◆ Exercise data
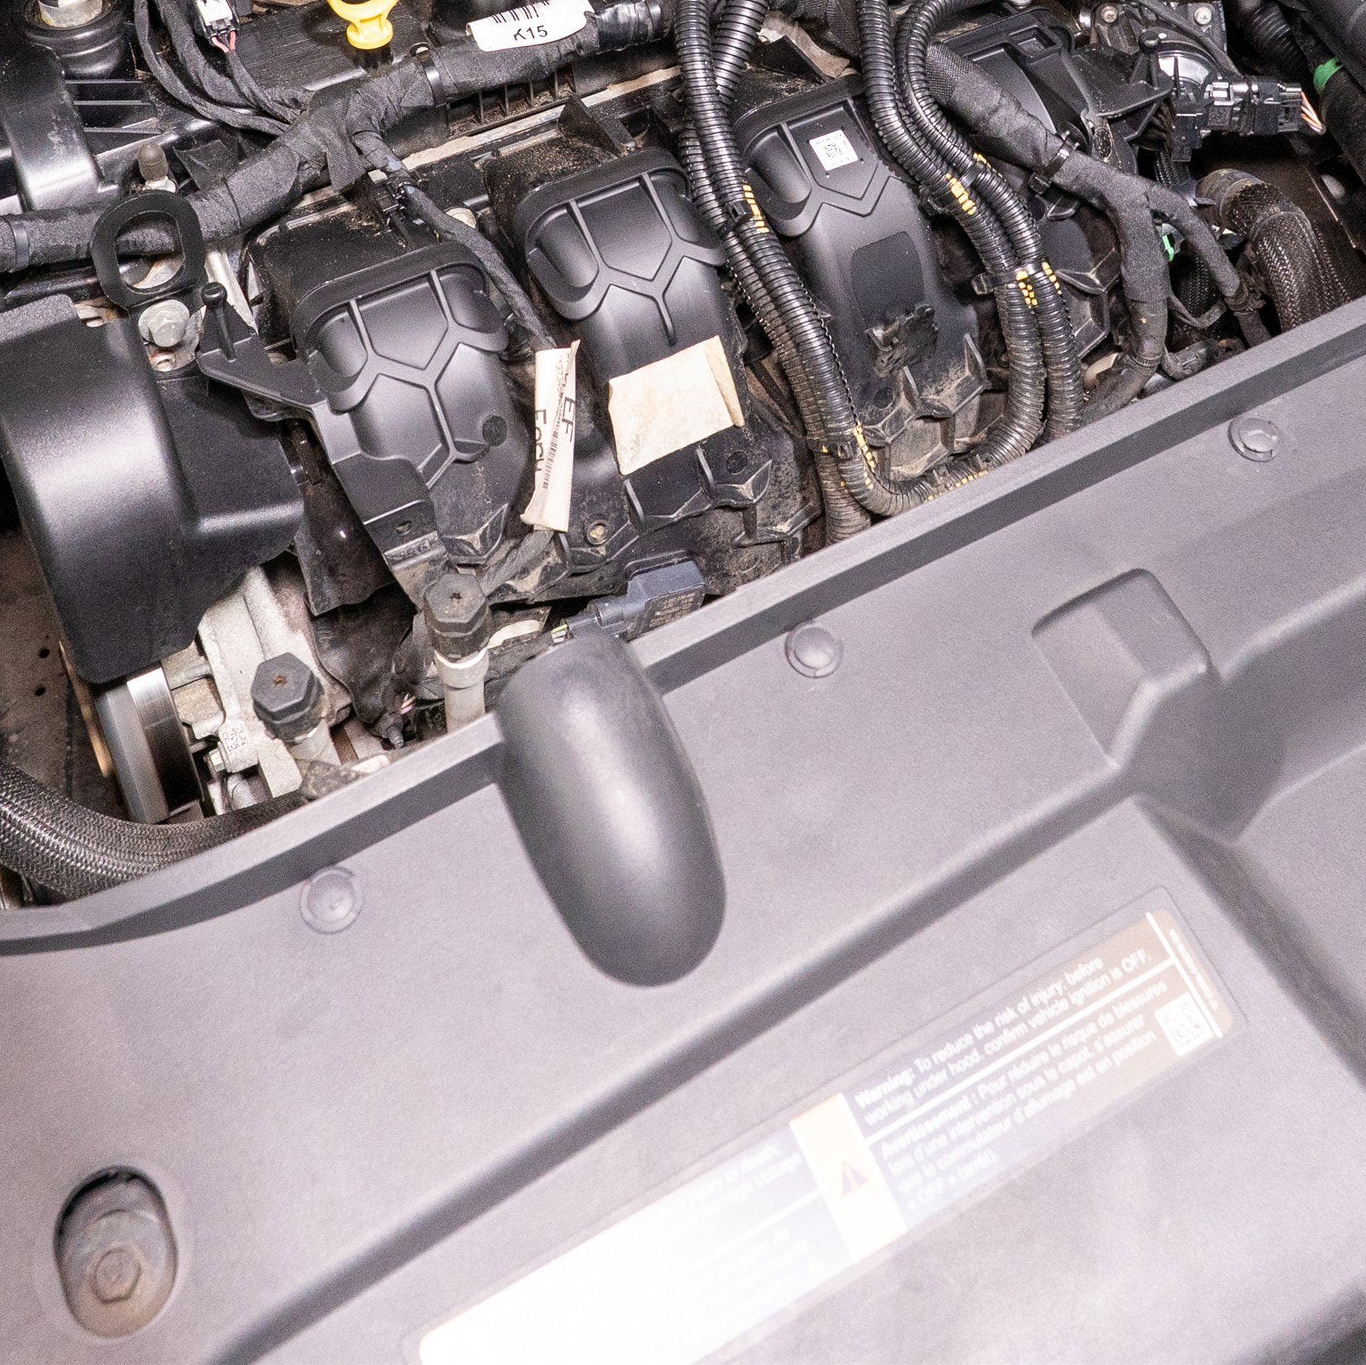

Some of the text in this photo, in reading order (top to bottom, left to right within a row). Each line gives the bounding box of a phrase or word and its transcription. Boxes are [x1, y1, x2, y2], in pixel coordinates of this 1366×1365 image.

[853, 1063, 917, 1113] Warning:
[913, 1054, 932, 1075] To
[929, 1029, 975, 1066] reduce
[971, 1016, 996, 1041] the
[992, 1003, 1018, 1028] risk
[1014, 995, 1033, 1015] of
[1063, 953, 1105, 986] before
[862, 1086, 916, 1131] working
[911, 1066, 950, 1098] under
[981, 1018, 1030, 1057] confirm
[1025, 994, 1071, 1030] vehicle
[1066, 970, 1114, 1009] ignition
[1107, 963, 1124, 981] is
[975, 1071, 1010, 1101] Pour
[1046, 1038, 1063, 1058] le
[1058, 1018, 1100, 1053] risque
[1094, 1007, 1116, 1030] de

◆ Problem
Please retype the records above exactly, leaving every image out.

◆ Written answer
Some of the text in this photo, in reading order (top to bottom, left to right within a row). Each line gives the bounding box of a phrase or word and its transcription. Boxes are [x1, y1, x2, y2], in pixel coordinates of this 1366×1365 image.

[853, 1063, 917, 1113] Warning:
[913, 1054, 932, 1075] To
[929, 1029, 975, 1066] reduce
[971, 1016, 996, 1041] the
[992, 1003, 1018, 1028] risk
[1014, 995, 1033, 1015] of
[1063, 953, 1105, 986] before
[862, 1086, 916, 1131] working
[911, 1066, 950, 1098] under
[981, 1018, 1030, 1057] confirm
[1025, 994, 1071, 1030] vehicle
[1066, 970, 1114, 1009] ignition
[1107, 963, 1124, 981] is
[975, 1071, 1010, 1101] Pour
[1046, 1038, 1063, 1058] le
[1058, 1018, 1100, 1053] risque
[1094, 1007, 1116, 1030] de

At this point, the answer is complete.